_EXERCISE DESCRIPTION_
Copy the records that follow exactly as written, but not their pictures.

Collected data
—————

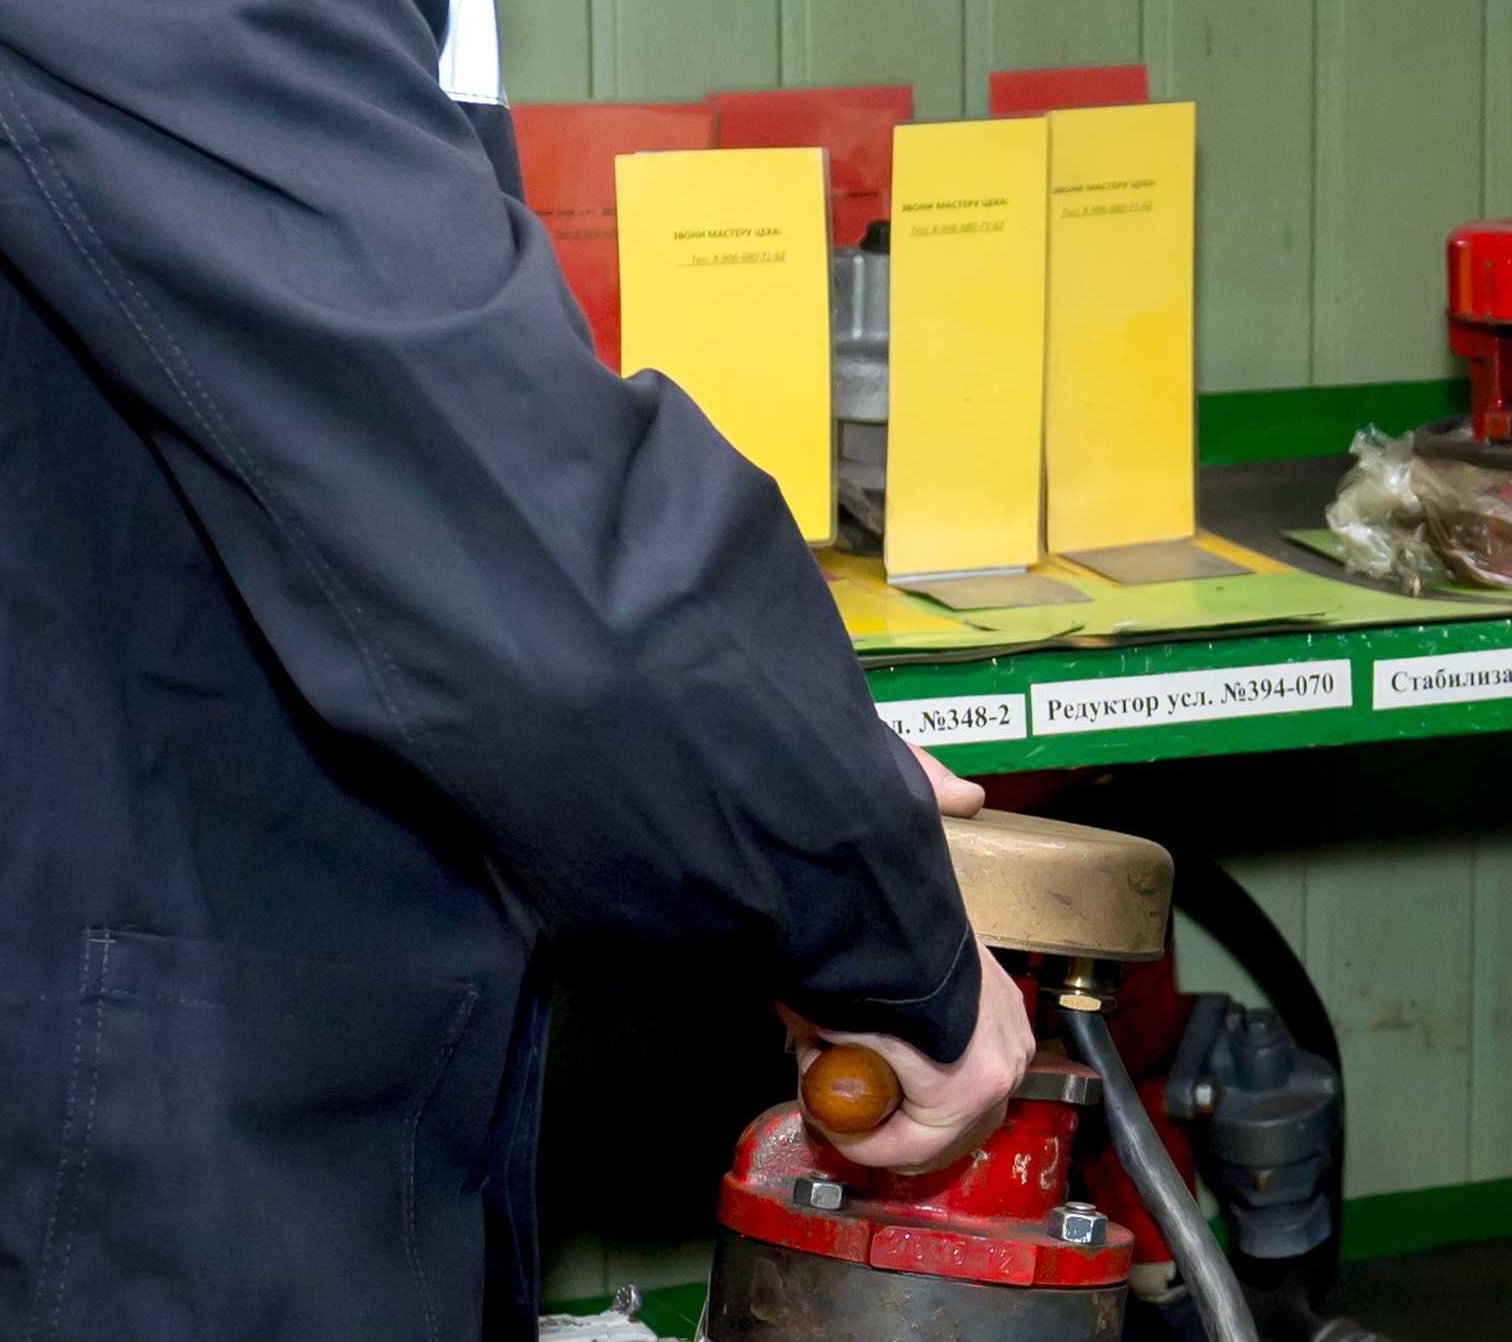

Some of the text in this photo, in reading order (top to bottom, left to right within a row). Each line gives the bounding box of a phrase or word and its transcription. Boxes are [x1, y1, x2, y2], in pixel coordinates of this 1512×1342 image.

[1046, 671, 1335, 723] Редуктор усл. №394-070
[919, 703, 1011, 733] №348-2
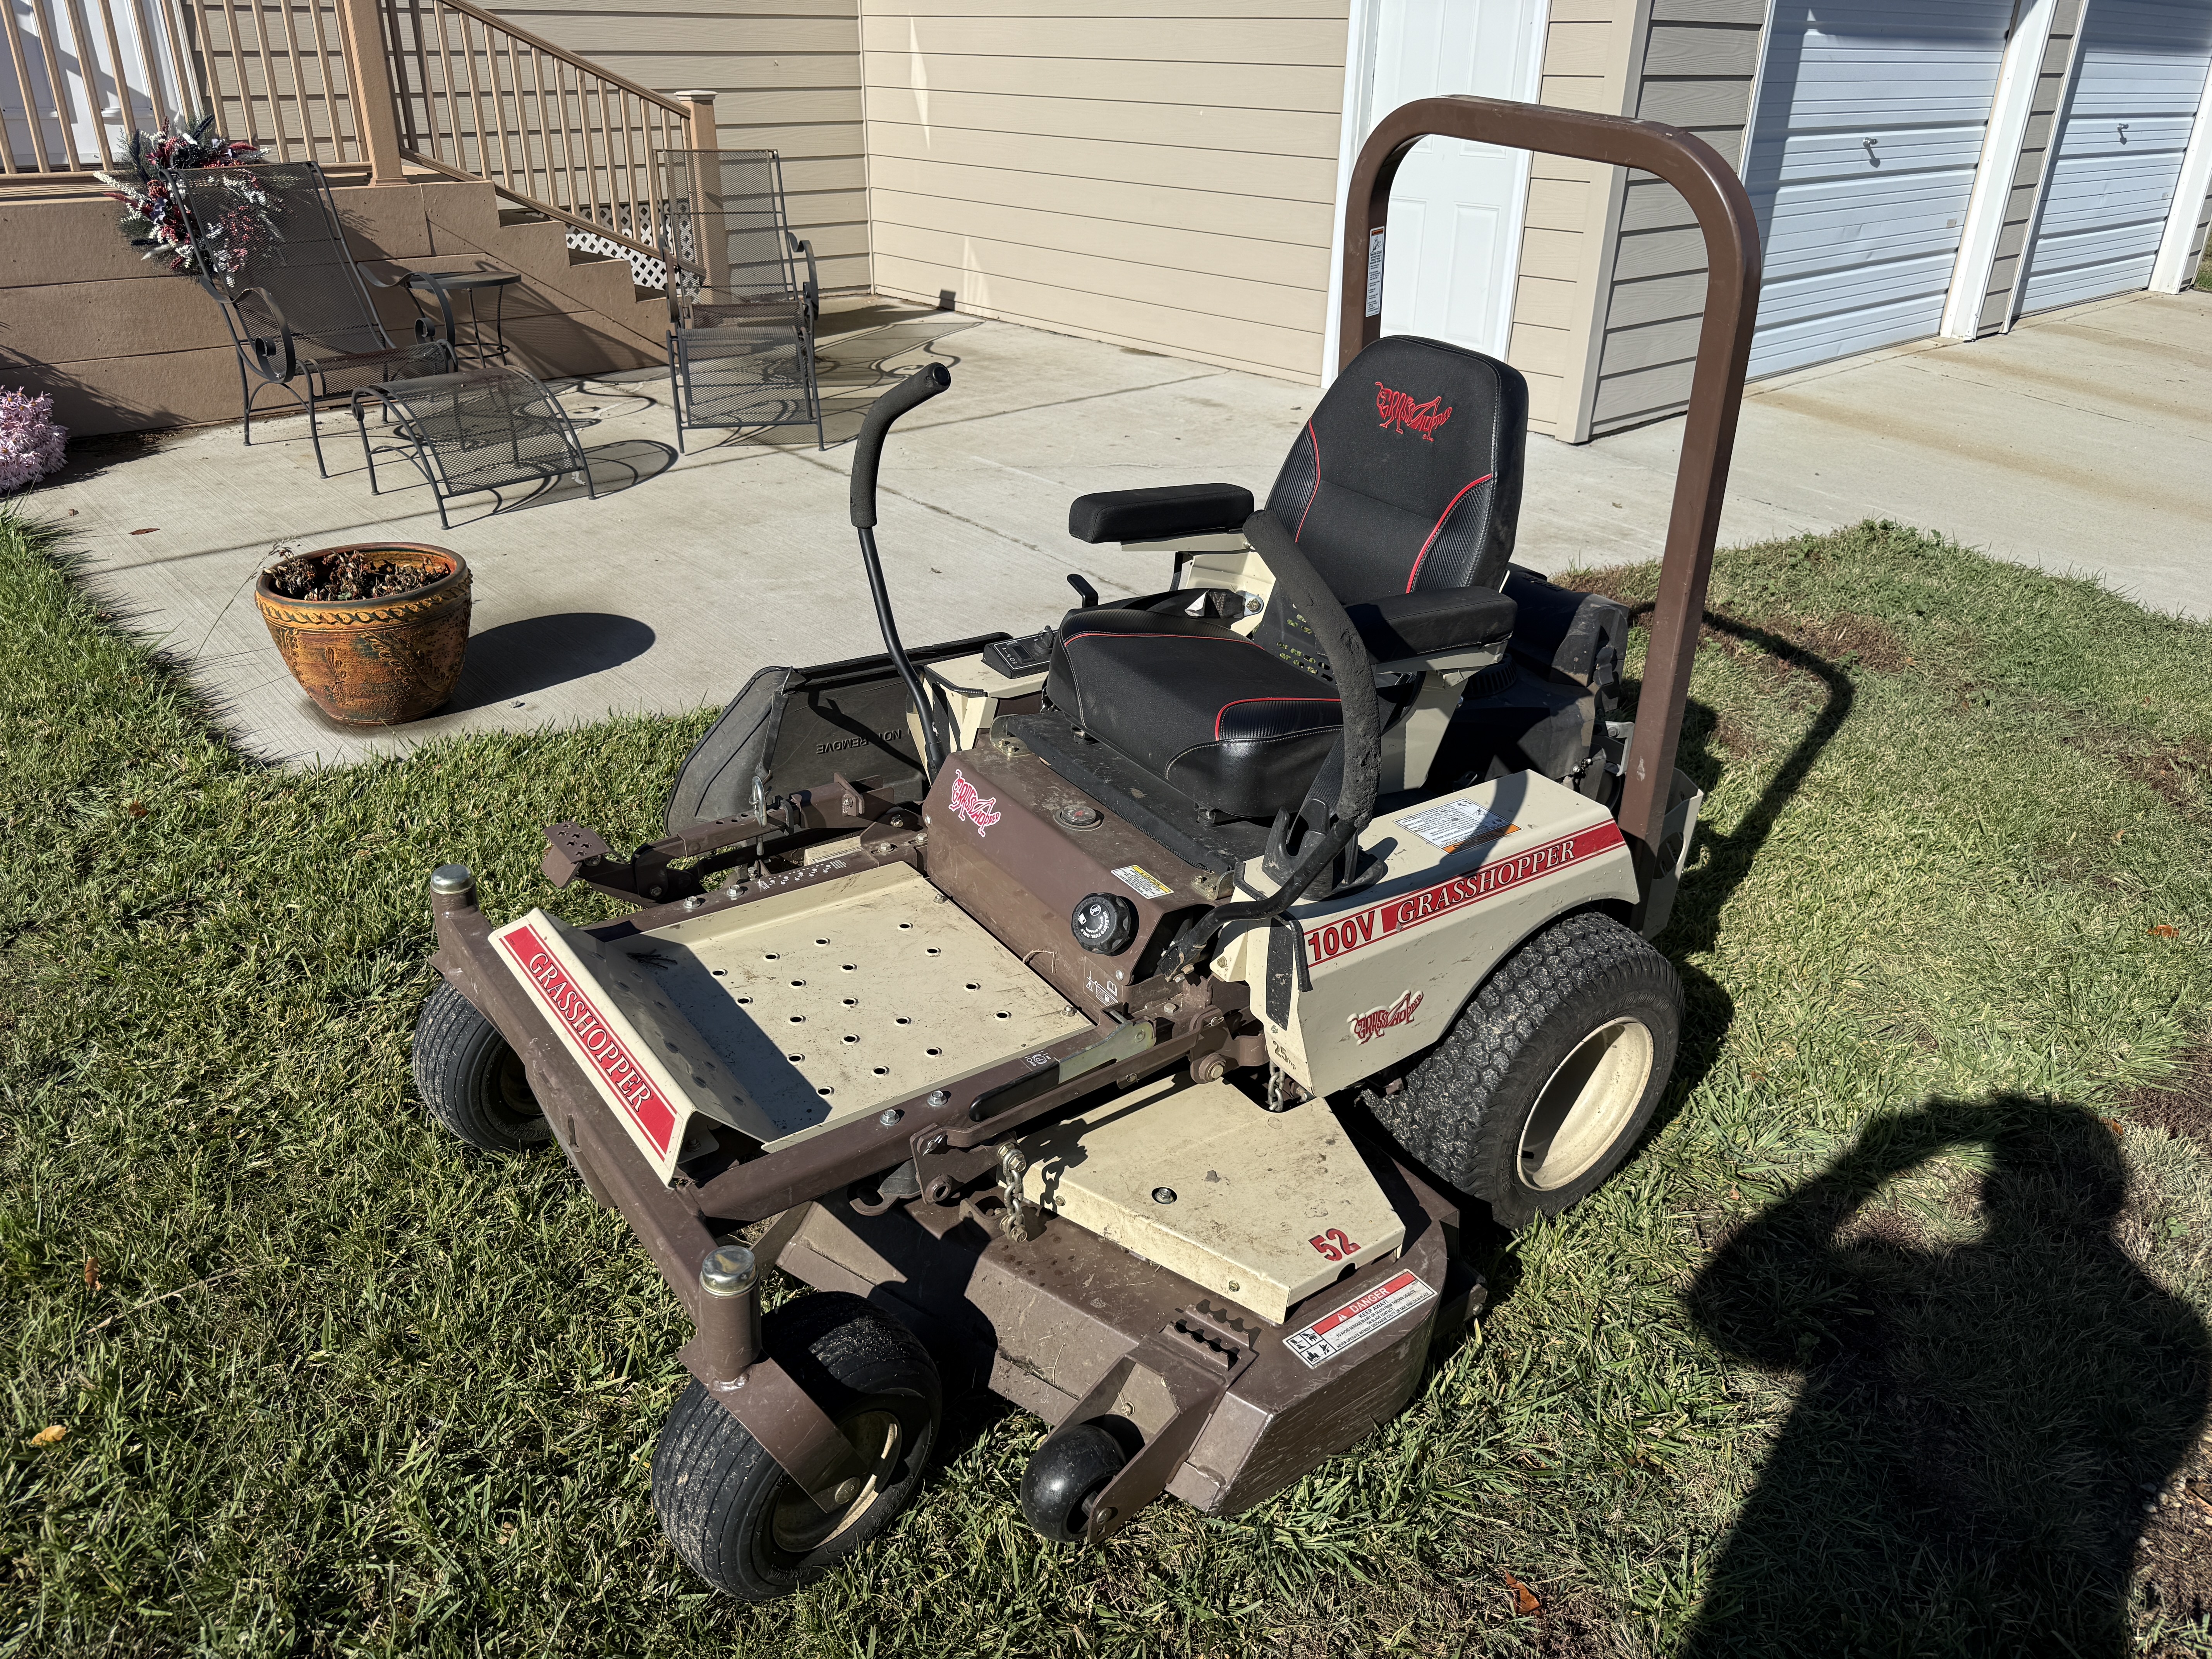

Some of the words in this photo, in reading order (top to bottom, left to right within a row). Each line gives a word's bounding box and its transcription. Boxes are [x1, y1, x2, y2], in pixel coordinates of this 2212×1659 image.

[816, 737, 869, 754] REMOVE
[950, 773, 1001, 836] GRASSHOPPER
[1308, 910, 1376, 962] 100V
[1397, 839, 1575, 924] GRASSHOPPER
[529, 951, 653, 1112] GRASSHOPPER
[1352, 992, 1424, 1042] GRASSHOPPER
[1503, 1127, 1522, 1193] SUPER
[1519, 1057, 1557, 1118] TURF
[1308, 1228, 1361, 1261] 52
[1349, 1287, 1390, 1313] DANGER
[1358, 1308, 1372, 1318] KEEP
[1372, 1299, 1388, 1310] AWAY!
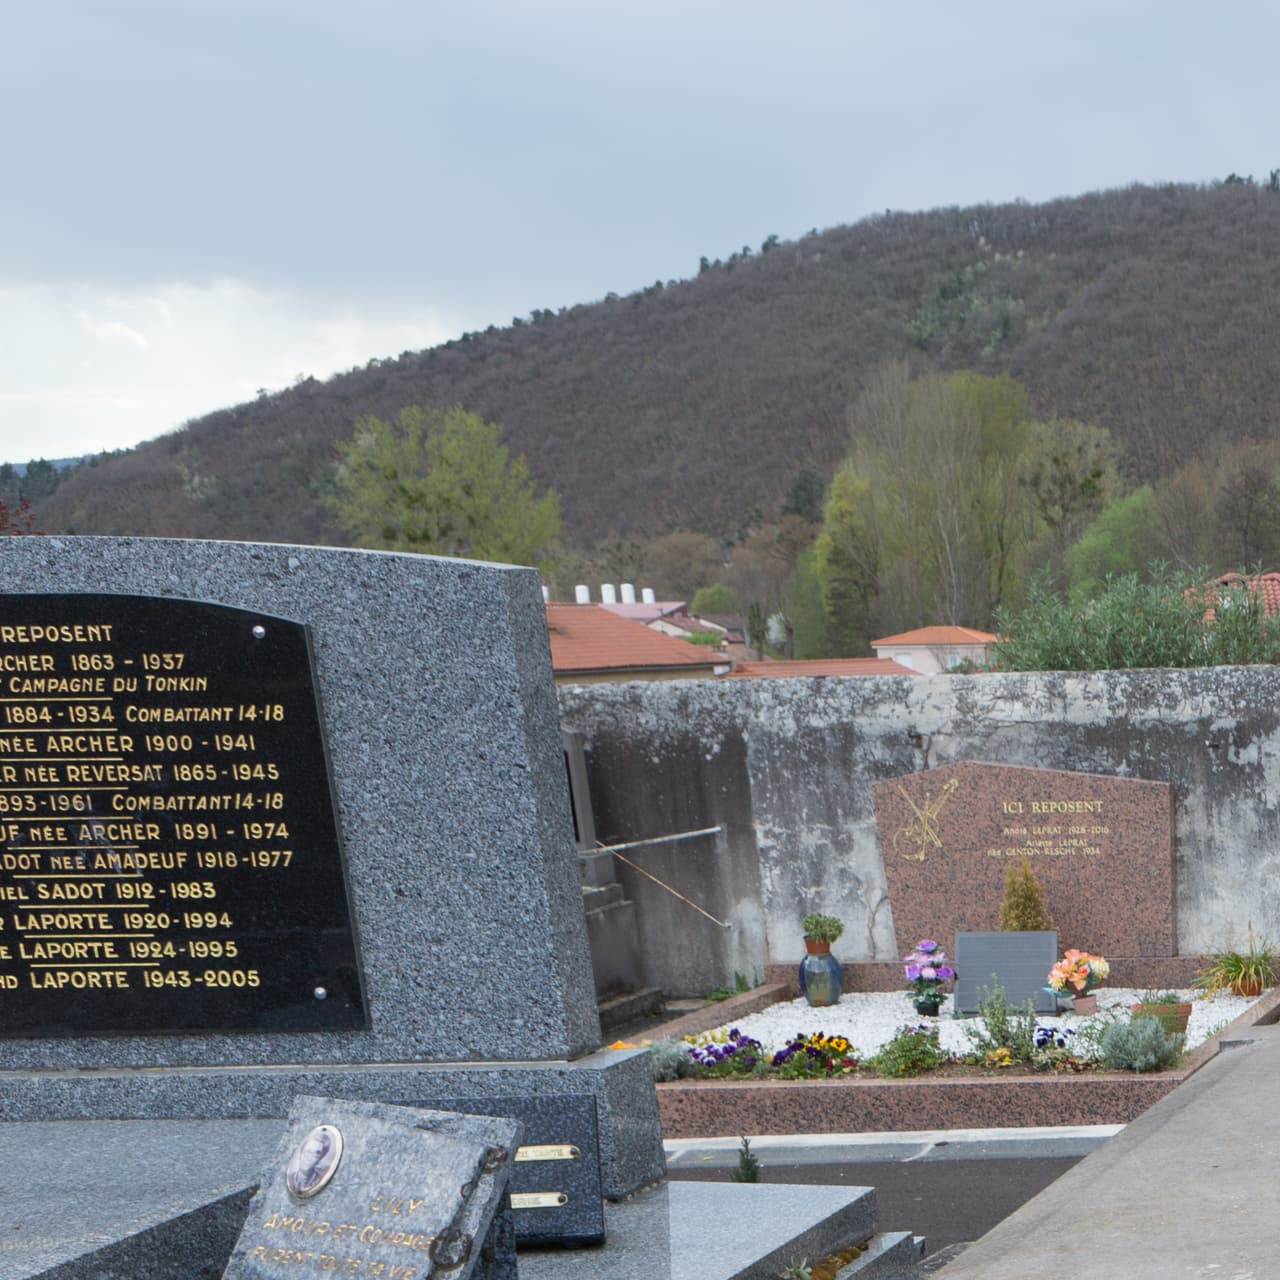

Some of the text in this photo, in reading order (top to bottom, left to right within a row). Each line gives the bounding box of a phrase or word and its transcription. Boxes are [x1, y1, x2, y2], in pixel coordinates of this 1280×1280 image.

[1, 624, 113, 643] REPOSENT
[0, 654, 55, 671] CHER
[71, 654, 115, 671] 1863
[142, 653, 185, 670] 1937
[9, 675, 208, 693] CAMPAGNE DU TONKIN
[125, 705, 234, 722] COMBATTANT
[47, 735, 134, 752] ARCHER
[145, 735, 193, 752] 1900
[214, 734, 256, 752] 1941
[66, 764, 163, 782] REVERSAT
[112, 793, 232, 811] COMBATTANT
[1002, 801, 1104, 814] ICI REPOSENT
[79, 824, 161, 841] ARCHER
[174, 823, 217, 840] 1891
[243, 823, 289, 840] 1974
[0, 853, 41, 870] DOT
[94, 852, 188, 870] AMADEUF
[37, 883, 106, 900] SADOT
[13, 913, 113, 930] LAPORTE
[19, 942, 119, 958] LAPORTE
[30, 971, 130, 989] LAPORTE
[370, 1194, 425, 1217] LILY
[331, 1224, 358, 1240] ET

—————

_RESPONSE BELOW_
Some of the text in this photo, in reading order (top to bottom, left to right within a row). Each line gives the bounding box of a phrase or word and its transcription. Boxes are [x1, y1, x2, y2], in pixel coordinates of this 1512×1342 image.

[1046, 671, 1335, 723] Редуктор усл. №394-070
[919, 703, 1011, 733] №348-2

Some of the words in this photo, in reading order (top to bottom, left to right within a row). Each line gives a word's bounding box and its transcription. Boxes are [x1, y1, x2, y2], in pixel coordinates of this 2212×1659 image.

[816, 737, 869, 754] REMOVE
[950, 773, 1001, 836] GRASSHOPPER
[1308, 910, 1376, 962] 100V
[1397, 839, 1575, 924] GRASSHOPPER
[529, 951, 653, 1112] GRASSHOPPER
[1352, 992, 1424, 1042] GRASSHOPPER
[1503, 1127, 1522, 1193] SUPER
[1519, 1057, 1557, 1118] TURF
[1308, 1228, 1361, 1261] 52
[1349, 1287, 1390, 1313] DANGER
[1358, 1308, 1372, 1318] KEEP
[1372, 1299, 1388, 1310] AWAY!

Some of the text in this photo, in reading order (top to bottom, left to right within a row). Each line gives the bounding box of a phrase or word and its transcription. Boxes are [x1, y1, x2, y2], in pixel coordinates of this 1280×1280 image.

[1, 624, 113, 643] REPOSENT
[0, 654, 55, 671] CHER
[71, 654, 115, 671] 1863
[142, 653, 185, 670] 1937
[9, 675, 208, 693] CAMPAGNE DU TONKIN
[125, 705, 234, 722] COMBATTANT
[47, 735, 134, 752] ARCHER
[145, 735, 193, 752] 1900
[214, 734, 256, 752] 1941
[66, 764, 163, 782] REVERSAT
[112, 793, 232, 811] COMBATTANT
[1002, 801, 1104, 814] ICI REPOSENT
[79, 824, 161, 841] ARCHER
[174, 823, 217, 840] 1891
[243, 823, 289, 840] 1974
[0, 853, 41, 870] DOT
[94, 852, 188, 870] AMADEUF
[37, 883, 106, 900] SADOT
[13, 913, 113, 930] LAPORTE
[19, 942, 119, 958] LAPORTE
[30, 971, 130, 989] LAPORTE
[370, 1194, 425, 1217] LILY
[331, 1224, 358, 1240] ET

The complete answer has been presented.